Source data
::::::::
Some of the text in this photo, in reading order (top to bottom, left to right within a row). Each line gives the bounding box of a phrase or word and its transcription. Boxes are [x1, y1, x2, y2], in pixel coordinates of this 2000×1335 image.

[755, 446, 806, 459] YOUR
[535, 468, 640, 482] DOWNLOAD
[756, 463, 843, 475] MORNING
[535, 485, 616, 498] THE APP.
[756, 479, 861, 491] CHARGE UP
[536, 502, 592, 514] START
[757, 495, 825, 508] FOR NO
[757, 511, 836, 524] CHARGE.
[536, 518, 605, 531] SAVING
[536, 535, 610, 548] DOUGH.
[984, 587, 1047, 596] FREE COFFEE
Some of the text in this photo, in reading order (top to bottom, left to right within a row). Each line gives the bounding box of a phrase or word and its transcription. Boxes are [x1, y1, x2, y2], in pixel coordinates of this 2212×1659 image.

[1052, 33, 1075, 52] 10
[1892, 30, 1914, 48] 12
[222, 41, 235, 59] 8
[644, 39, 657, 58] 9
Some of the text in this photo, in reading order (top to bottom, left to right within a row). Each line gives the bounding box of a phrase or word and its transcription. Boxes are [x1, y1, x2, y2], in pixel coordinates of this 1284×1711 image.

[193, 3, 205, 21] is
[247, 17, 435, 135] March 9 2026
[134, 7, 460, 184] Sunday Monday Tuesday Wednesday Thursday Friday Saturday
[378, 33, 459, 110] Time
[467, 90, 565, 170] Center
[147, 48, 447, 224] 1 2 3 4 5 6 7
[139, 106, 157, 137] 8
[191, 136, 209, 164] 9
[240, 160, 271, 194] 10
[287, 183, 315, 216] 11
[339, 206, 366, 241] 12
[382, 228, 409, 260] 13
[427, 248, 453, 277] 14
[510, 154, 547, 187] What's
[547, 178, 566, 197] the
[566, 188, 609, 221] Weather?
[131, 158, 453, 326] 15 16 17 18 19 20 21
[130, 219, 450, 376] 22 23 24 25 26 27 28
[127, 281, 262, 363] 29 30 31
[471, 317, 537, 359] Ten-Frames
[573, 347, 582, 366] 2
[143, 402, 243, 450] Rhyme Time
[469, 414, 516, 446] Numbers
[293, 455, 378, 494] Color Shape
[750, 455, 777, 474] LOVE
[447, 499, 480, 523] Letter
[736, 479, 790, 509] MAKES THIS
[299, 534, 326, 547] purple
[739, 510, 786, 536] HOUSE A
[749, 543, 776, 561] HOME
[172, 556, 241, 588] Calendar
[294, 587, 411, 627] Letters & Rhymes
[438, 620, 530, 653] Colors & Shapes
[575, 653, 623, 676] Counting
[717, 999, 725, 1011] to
::::::::
Write every record out again, letter for letter.

Answer space -
Some of the text in this photo, in reading order (top to bottom, left to right within a row). Each line gives the bounding box of a phrase or word and its transcription. Boxes are [x1, y1, x2, y2], in pixel coordinates of this 2000×1335 image.

[755, 446, 806, 459] YOUR
[535, 468, 640, 482] DOWNLOAD
[756, 463, 843, 475] MORNING
[535, 485, 616, 498] THE APP.
[756, 479, 861, 491] CHARGE UP
[536, 502, 592, 514] START
[757, 495, 825, 508] FOR NO
[757, 511, 836, 524] CHARGE.
[536, 518, 605, 531] SAVING
[536, 535, 610, 548] DOUGH.
[984, 587, 1047, 596] FREE COFFEE
Some of the text in this photo, in reading order (top to bottom, left to right within a row). Each line gives the bounding box of a phrase or word and its transcription. Boxes are [x1, y1, x2, y2], in pixel coordinates of this 2212×1659 image.

[1052, 33, 1075, 52] 10
[1892, 30, 1914, 48] 12
[222, 41, 235, 59] 8
[644, 39, 657, 58] 9
Some of the text in this photo, in reading order (top to bottom, left to right within a row). Each line gives the bounding box of a phrase or word and its transcription. Boxes are [x1, y1, x2, y2], in pixel coordinates of this 1284×1711 image.

[193, 3, 205, 21] is
[247, 17, 435, 135] March 9 2026
[134, 7, 460, 184] Sunday Monday Tuesday Wednesday Thursday Friday Saturday
[378, 33, 459, 110] Time
[467, 90, 565, 170] Center
[147, 48, 447, 224] 1 2 3 4 5 6 7
[139, 106, 157, 137] 8
[191, 136, 209, 164] 9
[240, 160, 271, 194] 10
[287, 183, 315, 216] 11
[339, 206, 366, 241] 12
[382, 228, 409, 260] 13
[427, 248, 453, 277] 14
[510, 154, 547, 187] What's
[547, 178, 566, 197] the
[566, 188, 609, 221] Weather?
[131, 158, 453, 326] 15 16 17 18 19 20 21
[130, 219, 450, 376] 22 23 24 25 26 27 28
[127, 281, 262, 363] 29 30 31
[471, 317, 537, 359] Ten-Frames
[573, 347, 582, 366] 2
[143, 402, 243, 450] Rhyme Time
[469, 414, 516, 446] Numbers
[293, 455, 378, 494] Color Shape
[750, 455, 777, 474] LOVE
[447, 499, 480, 523] Letter
[736, 479, 790, 509] MAKES THIS
[299, 534, 326, 547] purple
[739, 510, 786, 536] HOUSE A
[749, 543, 776, 561] HOME
[172, 556, 241, 588] Calendar
[294, 587, 411, 627] Letters & Rhymes
[438, 620, 530, 653] Colors & Shapes
[575, 653, 623, 676] Counting
[717, 999, 725, 1011] to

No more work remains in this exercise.